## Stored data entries

.....

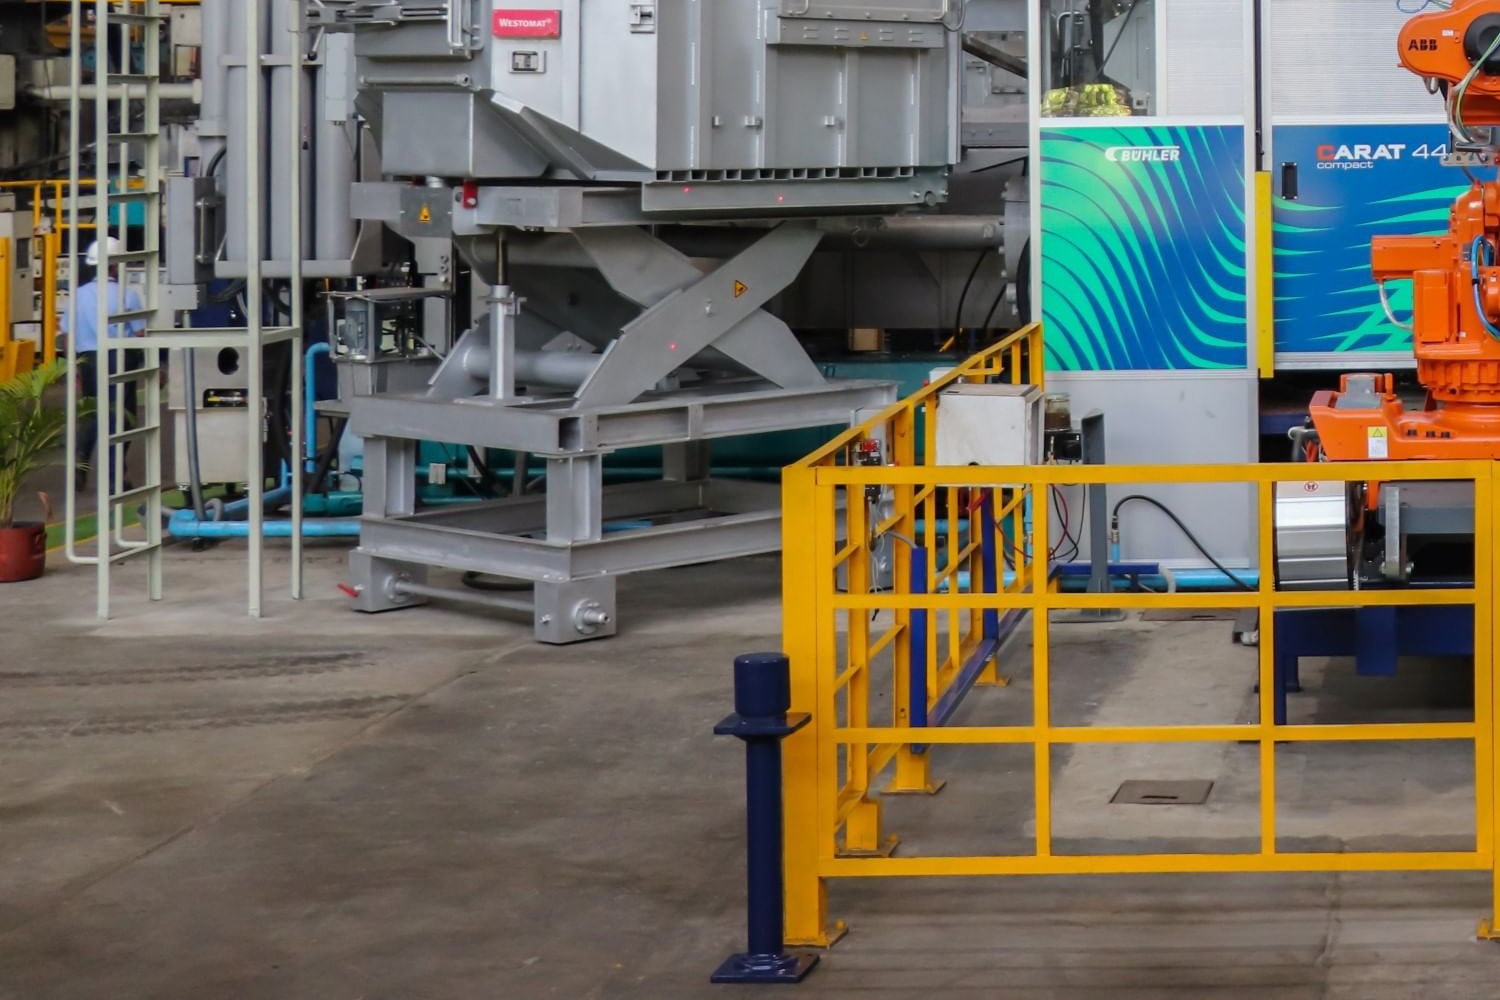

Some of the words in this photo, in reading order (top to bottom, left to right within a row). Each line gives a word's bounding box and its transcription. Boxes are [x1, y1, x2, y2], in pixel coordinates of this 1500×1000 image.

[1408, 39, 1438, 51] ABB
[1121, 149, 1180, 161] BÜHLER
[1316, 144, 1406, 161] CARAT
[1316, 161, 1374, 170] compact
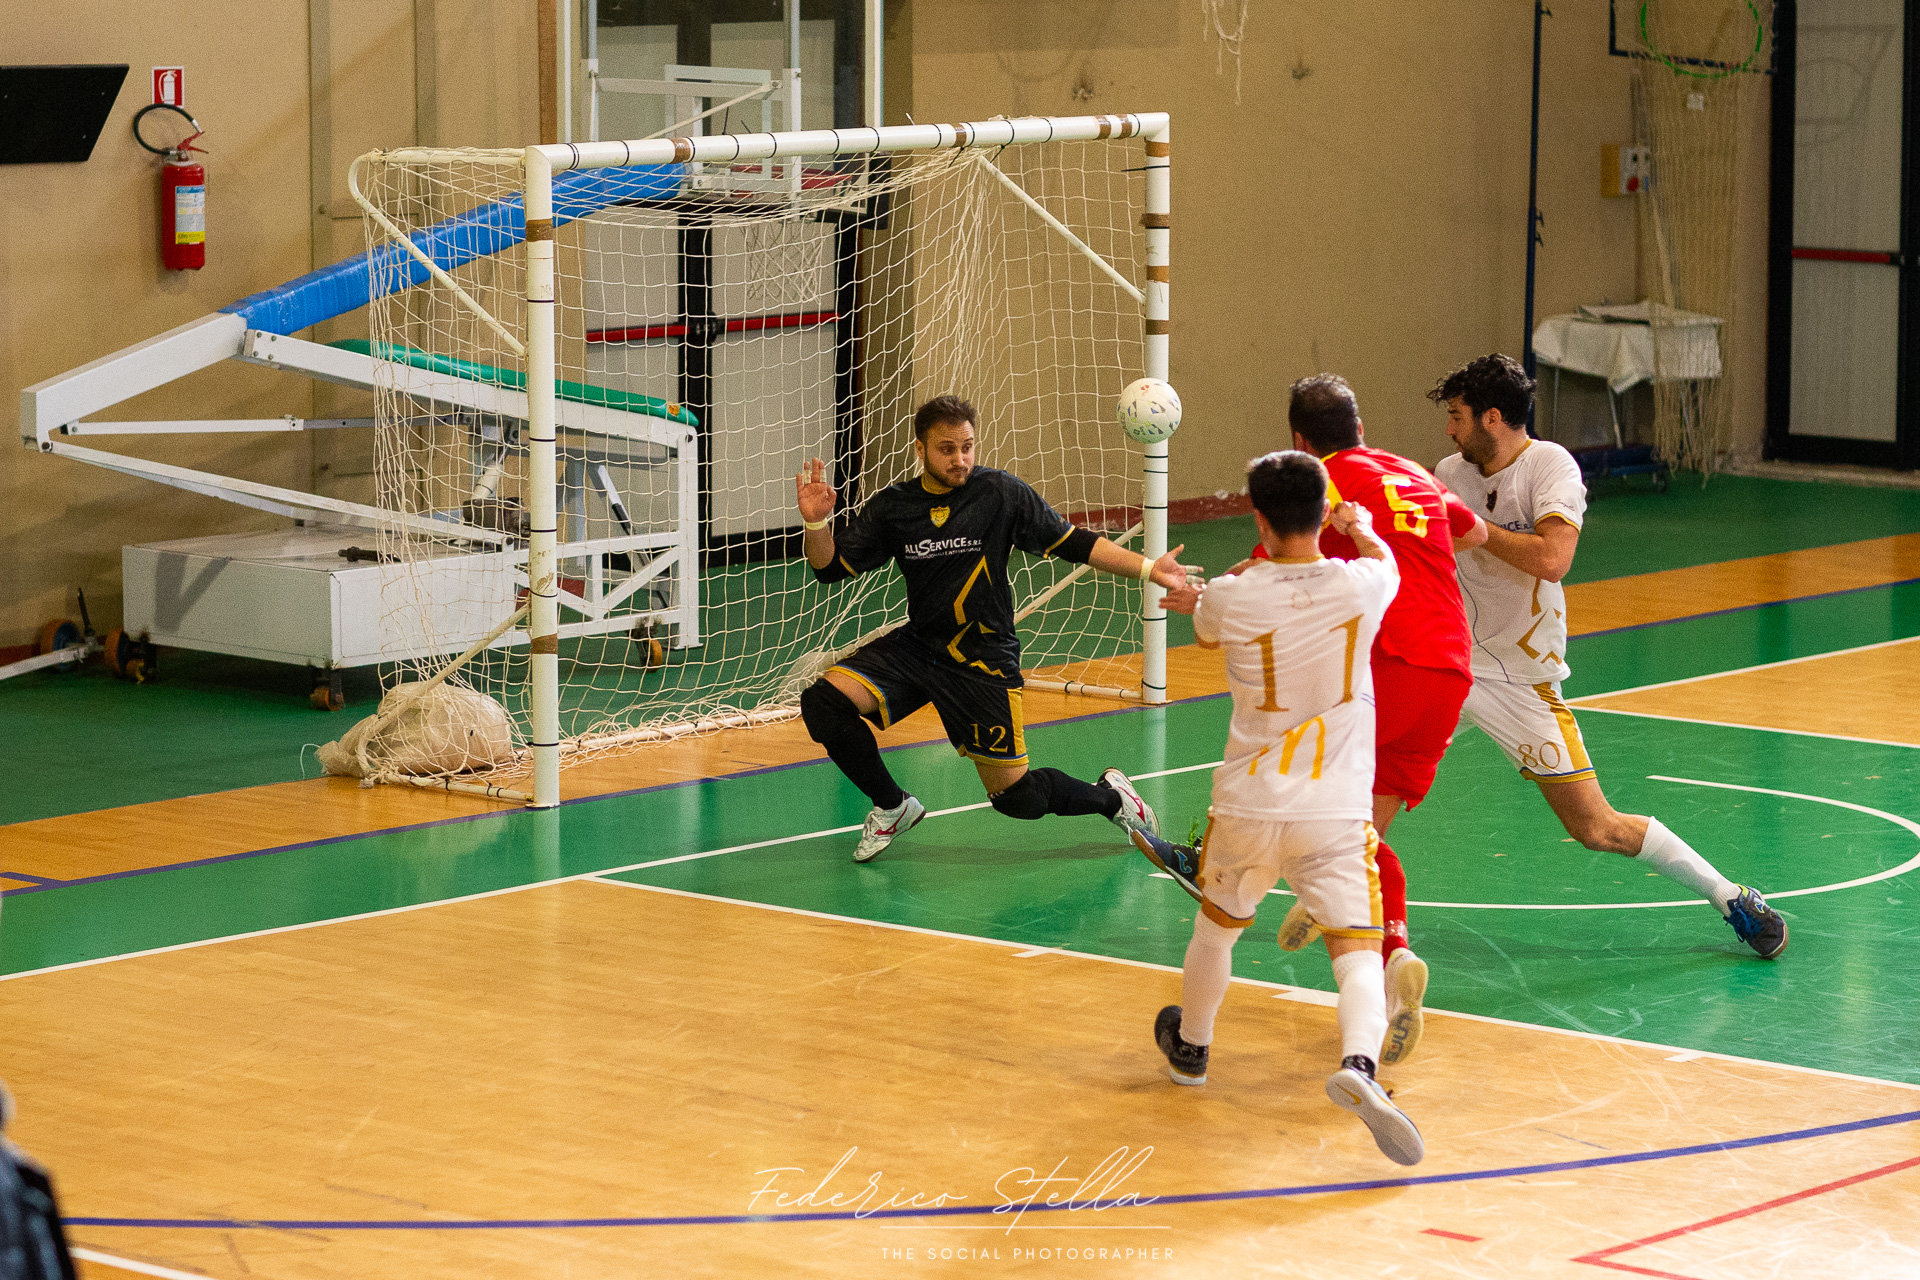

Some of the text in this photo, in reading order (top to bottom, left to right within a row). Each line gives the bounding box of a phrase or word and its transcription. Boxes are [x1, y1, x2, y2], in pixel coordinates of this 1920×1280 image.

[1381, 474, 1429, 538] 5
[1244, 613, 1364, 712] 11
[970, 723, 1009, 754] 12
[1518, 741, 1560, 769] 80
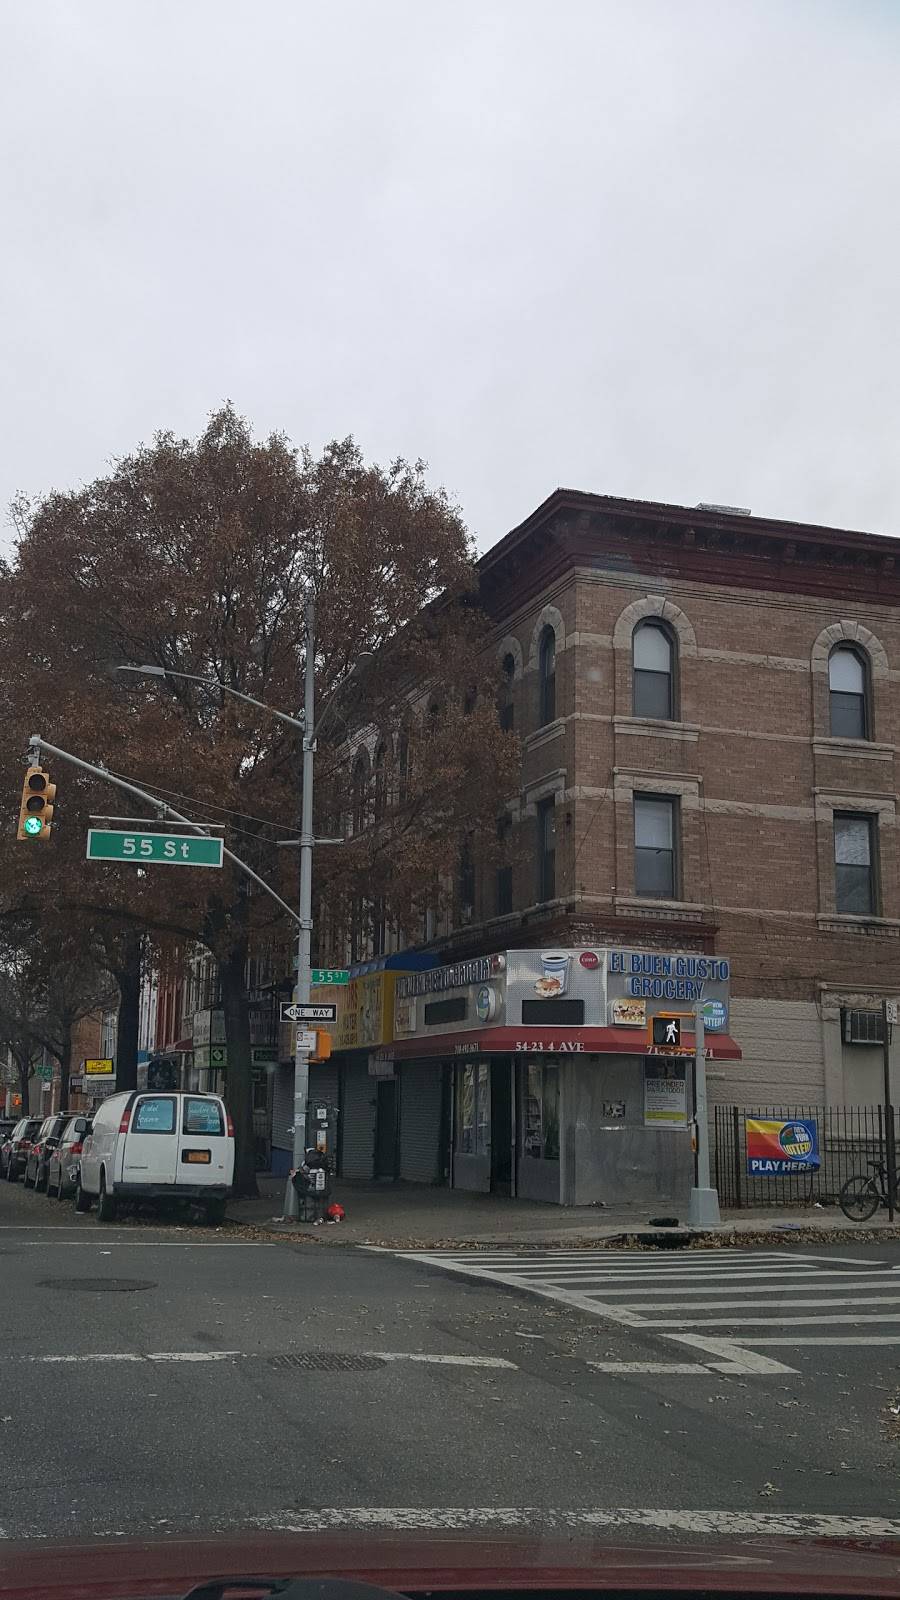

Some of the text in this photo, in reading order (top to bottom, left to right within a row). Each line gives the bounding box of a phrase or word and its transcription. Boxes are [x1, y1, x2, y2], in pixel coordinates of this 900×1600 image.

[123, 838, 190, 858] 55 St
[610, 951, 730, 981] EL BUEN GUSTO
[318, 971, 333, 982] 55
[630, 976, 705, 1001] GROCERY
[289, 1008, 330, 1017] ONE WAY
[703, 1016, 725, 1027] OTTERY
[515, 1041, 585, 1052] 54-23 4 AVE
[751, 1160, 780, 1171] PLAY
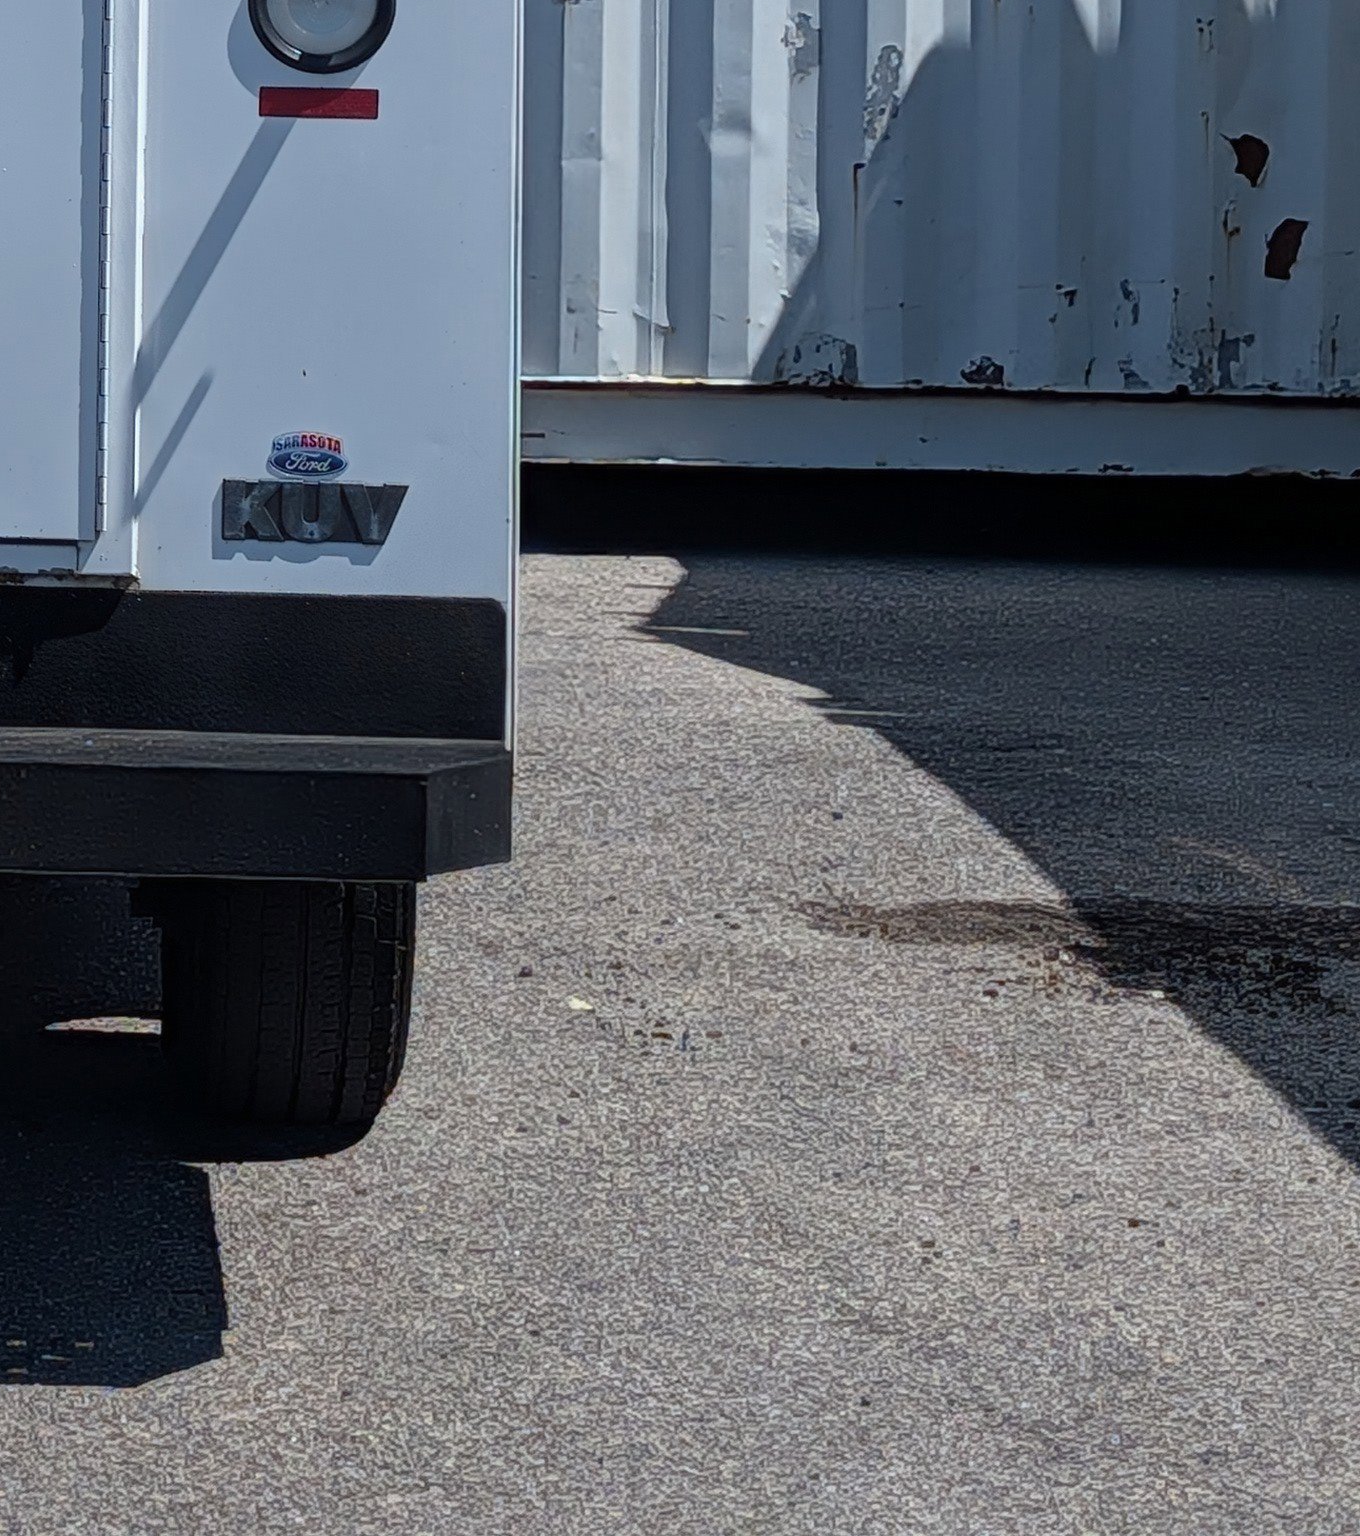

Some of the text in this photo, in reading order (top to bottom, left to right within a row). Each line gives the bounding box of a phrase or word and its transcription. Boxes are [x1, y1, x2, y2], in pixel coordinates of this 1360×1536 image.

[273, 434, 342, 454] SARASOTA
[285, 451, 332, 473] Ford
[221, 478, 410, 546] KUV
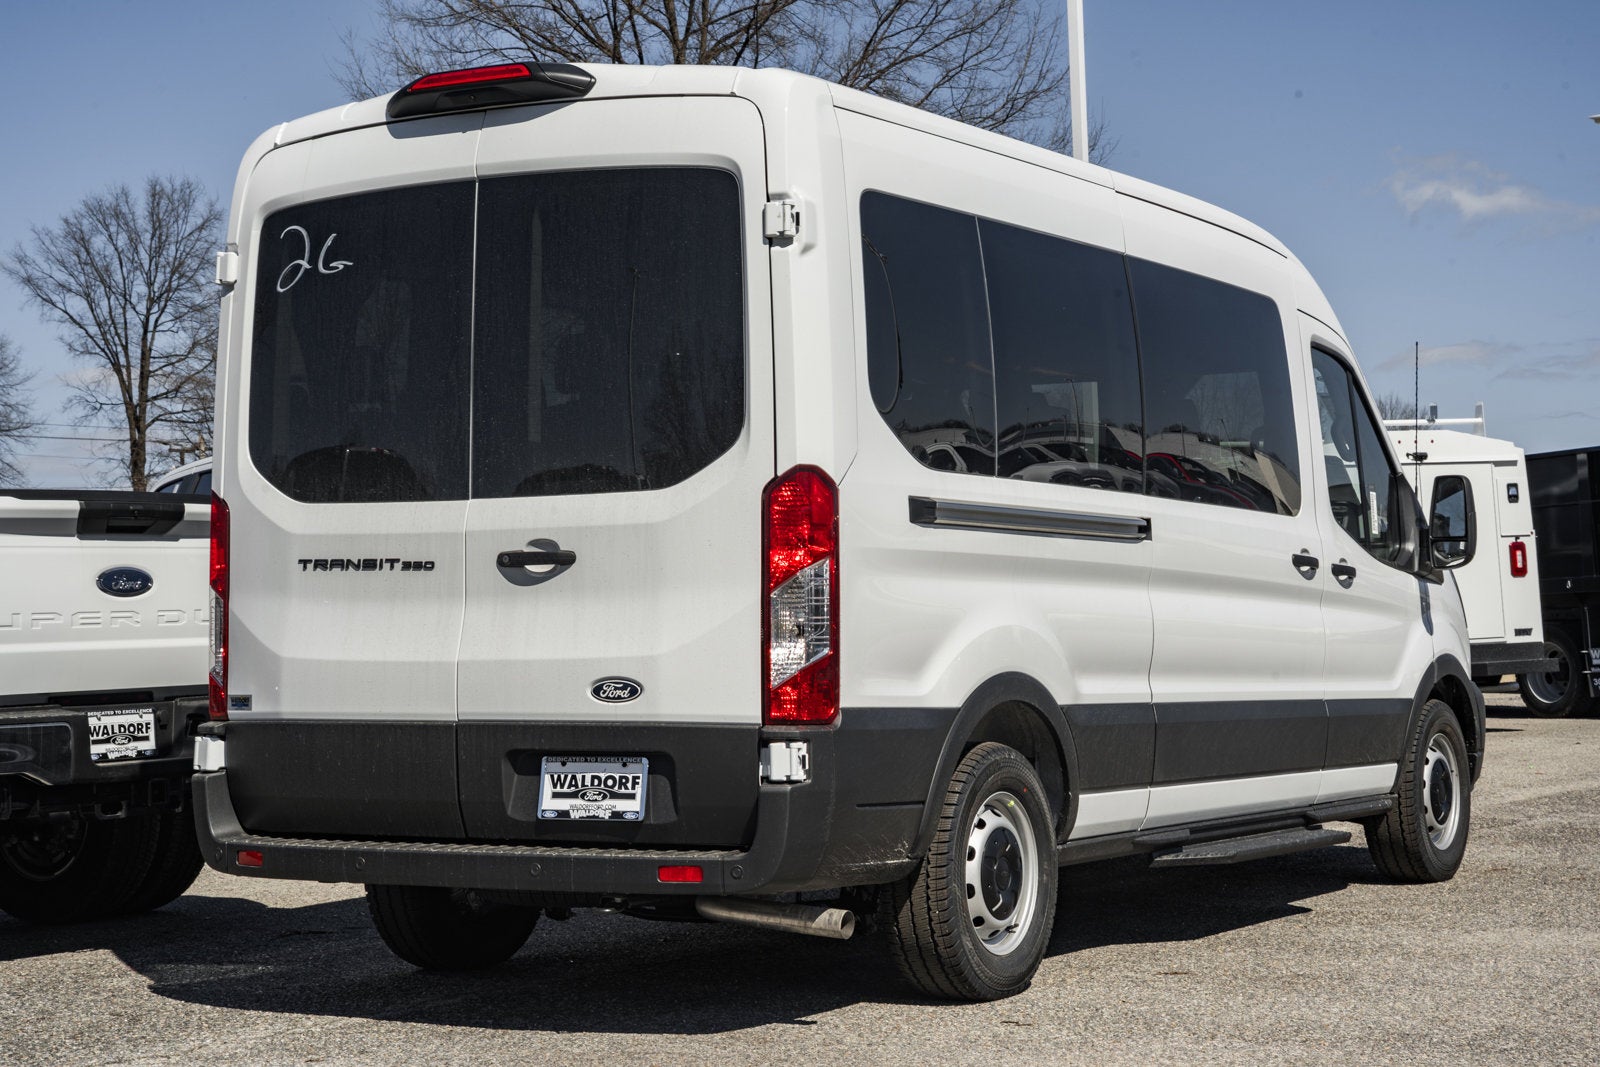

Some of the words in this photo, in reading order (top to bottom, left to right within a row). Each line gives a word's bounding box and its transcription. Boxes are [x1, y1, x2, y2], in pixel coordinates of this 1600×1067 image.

.....

## Exercise prompt
Could you copy every record exactly, without the pictures?

## Exercise result
Some of the words in this photo, in reading order (top to bottom, left to right within a row). Each line gives a word's bounding box and its transcription. Boxes are [x1, y1, x2, y2], in pixel coordinates of this 1500×1000 image.

[1408, 39, 1438, 51] ABB
[1121, 149, 1180, 161] BÜHLER
[1316, 144, 1406, 161] CARAT
[1316, 161, 1374, 170] compact

Some of the text in this photo, in reading order (top to bottom, left to right within a row). Each line gives the bounding box of a phrase or word and its transcription. Boxes are [x1, y1, x2, y2], in pixel coordinates of this 1920×1280 image.

[1381, 474, 1429, 538] 5
[1244, 613, 1364, 712] 11
[970, 723, 1009, 754] 12
[1518, 741, 1560, 769] 80

Some of the text in this photo, in reading order (top to bottom, left to right within a row). Each line gives the bounding box of a phrase or word and its transcription. Boxes are [x1, y1, x2, y2], in pixel coordinates of this 900×1600 image.

[123, 838, 190, 858] 55 St
[610, 951, 730, 981] EL BUEN GUSTO
[318, 971, 333, 982] 55
[630, 976, 705, 1001] GROCERY
[289, 1008, 330, 1017] ONE WAY
[703, 1016, 725, 1027] OTTERY
[515, 1041, 585, 1052] 54-23 4 AVE
[751, 1160, 780, 1171] PLAY

Some of the text in this photo, in reading order (top to bottom, left to right within a row). Each line gives the bounding box of a phrase or word and its transcription. Boxes are [x1, y1, x2, y2], in pixel coordinates of this 1360×1536 image.

[273, 434, 342, 454] SARASOTA
[285, 451, 332, 473] Ford
[221, 478, 410, 546] KUV

Some of the words in this photo, in reading order (top to bottom, left to right within a row). Each line gives a word's bounding box and its transcription. Boxes are [x1, y1, x2, y2], in pixel coordinates of this 1600×1067 image.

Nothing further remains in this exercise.